Ian juga mengatakan bahwa banyak keterangan SYL yang tidak konsisten dengan bukti dan saksi yang telah disampaikan oleh saksi-saksi pada persidangan sebelumnya. "Banyak keterangan Pak SYL inkonsisten dengan bukti dan saksi yang sudah memberikan keterangan berbeda" kata Ian.

Ian juga menyoroti kesaksian SYL yang mengatakan bahwa ia tidak mengetahui terkait sharing yang kerap dilakukan oleh pejabat di Kementan. Menurut Ian, SYL pasti tahu dan pernah mengarahkan Kasdi Subagyono, Sekjen Kementan, untuk melakukan pengumpulan dana dari para pejabat tersebut.

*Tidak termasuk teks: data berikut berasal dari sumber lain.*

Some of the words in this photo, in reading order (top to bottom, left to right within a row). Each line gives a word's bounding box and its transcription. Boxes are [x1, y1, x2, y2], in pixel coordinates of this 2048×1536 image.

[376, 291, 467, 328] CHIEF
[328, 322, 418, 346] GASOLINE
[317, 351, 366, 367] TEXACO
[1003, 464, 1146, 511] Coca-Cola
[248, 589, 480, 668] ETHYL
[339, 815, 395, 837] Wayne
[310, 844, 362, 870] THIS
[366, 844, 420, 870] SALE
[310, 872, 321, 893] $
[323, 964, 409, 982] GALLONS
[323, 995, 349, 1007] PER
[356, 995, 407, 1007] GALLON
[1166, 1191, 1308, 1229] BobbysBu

"Yang lebih aneh lagi keterangan pak SYL itu mengatakan bahwa dia tidak pernah memerintahkan, bahwa dia tahu ada sharing-sahring itu pada saat persidangan, lah kan inkonsistensi dengan keterangan dia, bahwa dia menyuruh Kasdi selaku Sekjen dan Eselon I untuk mengumpulkan duit, bohong lagi" katanya.

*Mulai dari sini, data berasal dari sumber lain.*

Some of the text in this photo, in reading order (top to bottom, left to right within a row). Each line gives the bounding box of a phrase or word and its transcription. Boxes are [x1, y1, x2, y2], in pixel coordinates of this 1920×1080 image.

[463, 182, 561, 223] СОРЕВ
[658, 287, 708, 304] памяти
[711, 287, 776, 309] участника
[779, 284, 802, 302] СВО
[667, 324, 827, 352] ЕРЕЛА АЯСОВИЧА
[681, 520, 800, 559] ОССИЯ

Sebelumnya, SYL menyampaikan beragam bantahan dan pengakuan saat jadi saksi mahkota, atau saksi yang merupakan terdakwa pada persidangan Senin lalu (24/6). Pada persidangan tersebut, SYL mengakui memang terdapat sejumlah uang diberikan ke bekas Ketua KPK tersebut sebesar Rp1,3 miliar.

Pemberian uang tersebut berlangsung sebanyak dua kali, pertama uang sebesar Rp500 dalam bentuk valuta asing (valas) yang diberikan melalui perantara antar ajudan. Yang kedua sebesar Rp800 juta yang diberikan dengan perantara Kapolresta Semarang, Kombes Irwan Anwar yang merupakan saudara dari SYL.

"Irwan yang mengantarkan saya bertemu dengan Pak Firli, dan dia memang pernah di bawah struktur Pak Firli sewaktu menjabat sebagai Kapolda di Nusa Tenggara Barat" kata SYL.